В общем, когда Путиловский появился на службе, в рабочей комнате царило полное взаимопонимание. Медянников к тому времени сбегал в караульную, поймал там местного таракана и с благоговением неофита насладился ужасным зрелищем туловища пойманного.
Не насытившись увиденным, он соизволил посетить арестантскую, где на очередном лихоимце с Сытного рынка изловил блоху и умертвил невинную тварь с целью знакомства с устройством блошиных лапок и челюстей.
Путиловский временно приостановил лабораторные работы и изложил продуманные ночью варианты действия. Берг прослушал все, не встревая, и по размышлении высказал здравую мысль:
— Очень часто домашние химические работы заканчиваются маленькими взрывами. Возможно, означенный Викентьев попал в лечебницу с ожогами после такого взрыва, чем и вызван перерыв в его правопреступной деятельности.

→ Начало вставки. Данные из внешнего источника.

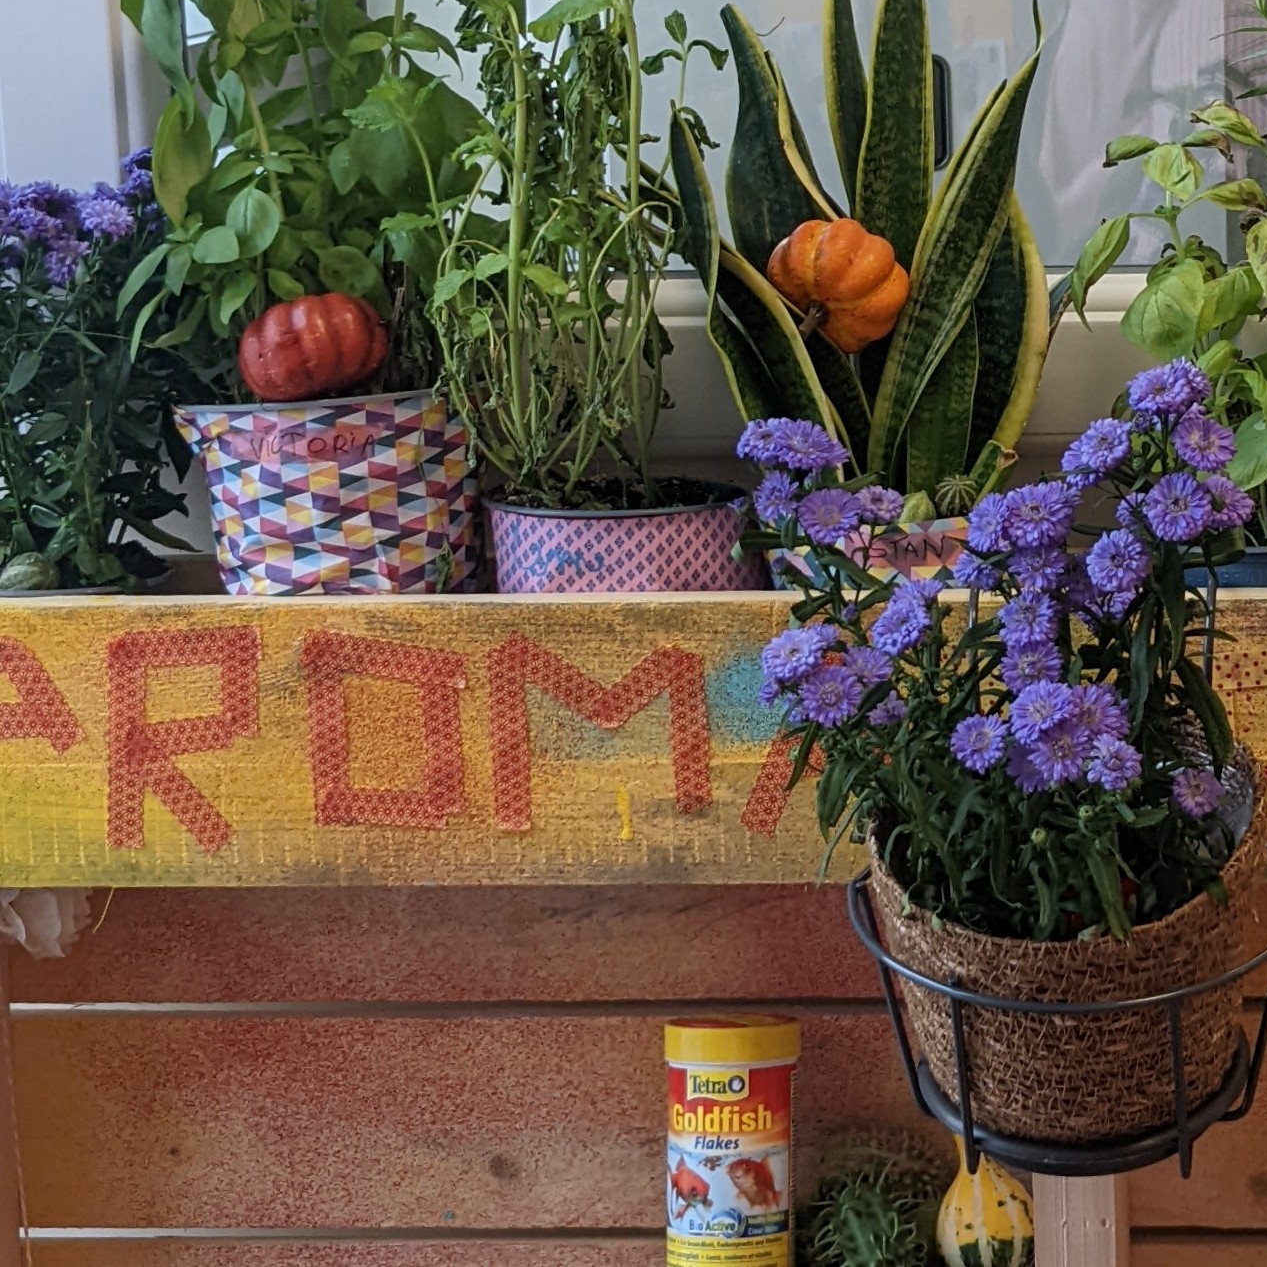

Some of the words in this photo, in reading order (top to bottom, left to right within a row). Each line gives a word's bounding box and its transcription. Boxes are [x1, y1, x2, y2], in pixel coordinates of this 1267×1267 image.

— Отлично! — подумав пару секунд, откликнулся Путиловский. — Евграфий Петрович, проверьте всех пациентов с поражением взрывами за последний месяц!
Час назад Медянников просто поднял бы на смех теорию взрывов. Но Берг настолько поразил воображение старовера картинами живой природы, что Евграфий Петрович не стал возражать и сказал, что лично все проверит. А это значило многое.
* * *
«Дядя» как завороженный смотрел в лицо «Красавчика», не в силах оторвать взгляда. Разумом он признавал в этом инвалиде того красивого молодого человека, но чувства твердили: «Боже, как это ужасно!» Революционные реалии впервые проступили так явно. Ранее он с большим энтузиазмом лил в своих речах потоки чужой и своей крови, чем возбуждал ответные чувства в сердцах гимназисток и курсисток. Но вот сделаны первые шаги на этом кровавом поприще — и он неожиданно для себя почувствовал тошноту. Красная кожа, покрытая рубцами ожогов, черная заплата вместо ясного глаза — Николай никак не мог отвести взор.
Викентьев научился это понимать. Он просто отвернул обожженную половину своего лица от Лелявского. И тот облегченно перевел дух.
— Как это вас угораздило? — Николай пытался сохранить вид хладнокровного бойца, привыкшего к ранам и крови, но голос выдавал обратное.
— Бывает. Кислота вскипела, — коротко пояснил Викентьев и хладнокровно пошутил: — Вот теперь я действительно Красавчик. Это весь морфий.
Прежде чем передать пакеты, Викентьев оглядел пивной зал. (С потерей глаза пропало ощущение глубины, все смотрелось плоским, как на картинке. Надо будет привыкать. Доктор посоветовал подбрасывать одной рукой мячик, а второй ловить — тренировать утерянную глубину зрения.) Вроде все спокойно. И он подвинул пакеты с морфием к Николаю:
— Мне срочно нужны деньги. Много ушло на лечение. И еще: мне нужно купить новые документы. До того как сделаю динамит, я сниму новую лабораторию.
— Зачем? — подивился Лелявский. — О вас никто не знает. Работайте спокойно.
— Как это никто? А вы?
— Вы подозреваете, что я могу выдать?